After the Israeli invasion in 1982 in Lebanon, Darwish left Beirut and accompanied Arafat on his boat to a new exile. He lived in Tunis, where he was appointed to a member of the Executive Committee of the PLO by the Palestinian National Congress.

The phase after 1982 was the most significant literary phase for Darwish. He created his most important work at that time. He went over the top, from one piece of work to another, and revolutionized the Arabic lyric poetry repeatedly.

His poem about the war in Lebanon “Praise to the high shadow” became highly popular in the Arab world. Many pieces of the poem were composed by various singers and became famous songs.


“Blasphemy”

However several pieces of his work were seen as blasphemous:

Beirut is the test of God,
We tried you out, oh God, we tried you out
Who gave you this mystery, who gave you this name?
Who uplifted you over our wounds in order to see you?
So do appear! The way Sphinx appeared out of the ashes… (Own translation)

That is how he destroyed his relationship to the growing Islamic movement. This describes the cold reaction of, for instance Hamas, to his death.

Darwish knew how to create a beautiful esthetical world through intelligent use of words and scenes out of Palestinian misery, brutal reality and bloody daily life, melted with elements of history, culture and common human values. He is one of the few Arab poets who are internationally known and respected. His poems were translated in almost all languages because of their universal meanings.
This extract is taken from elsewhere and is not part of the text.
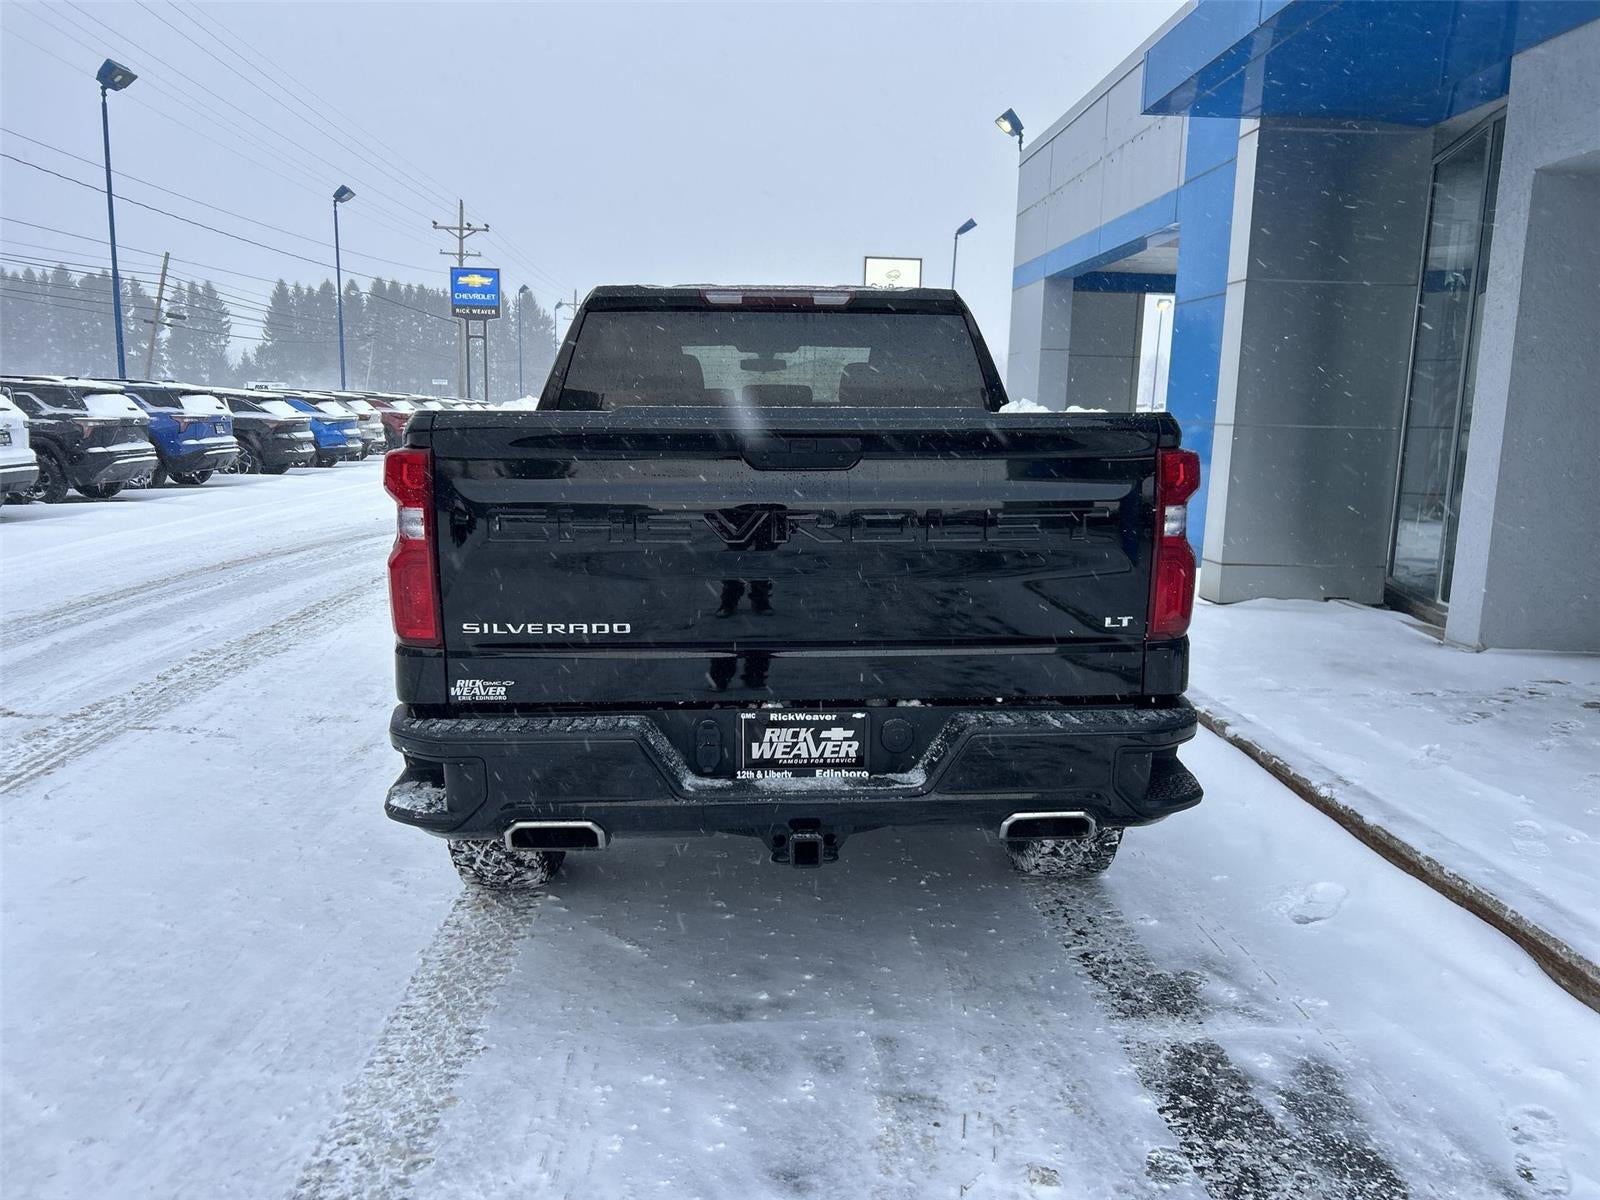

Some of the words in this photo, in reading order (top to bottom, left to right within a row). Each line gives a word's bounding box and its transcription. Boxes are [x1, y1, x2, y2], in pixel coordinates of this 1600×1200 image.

Highly praised and outstanding, he stood above any kind of criticism. His power as a symbolic character overruled the criteria of criticism. Known from many songs, his poems crossed the borders of intellectual milieu and enjoyed a popularity which was unprecedented for modern Arab poetry.

Capitulation of the PLO

Darwish was for many known politically as the supporter of Arafat in the cultural field. He was also criticized for being silent about the oppression of Palestinian intellectuals by Arafat, who used to stop at nothing, including murder, like in the case of the caricaturist Naji Ali. This made Darwish often the “Poet Laureate” of the PLO.

After the Oslo agreement half of the PLO Executive Committee withdrew. Among them Mahmoud Darwish, who, for the first time, delivered Arafat a poetic critique: “Who will remove our flags from our walls, you or them?” However, he returned to Ramallah with the PLO and stayed loyal to its establishment. Highly stylized as a cultural symbol of the PNA, he presided over several literary institutes. Being situated above the political events he visited the Arab region, where he received outstanding medals and awards from almost the all Arab regent for his prominent performances.

After the death of Arafat and during the PNA conflict with the resistance movement, Darwish backed off and hid behind his metaphors. He became less metaphoric when Hamas took over in Gaza, where he was pretty in his partisanship for the corrupt PNA in Ramallah.

Even if Darwish’s poetical credit is too big and remains one of the few undisputed things among Palestinians, he does appear as a fading remnant of the PLO era, whose symbolic characters are successively going under. For many of his readers his death was seen as a political rescue of his poetry.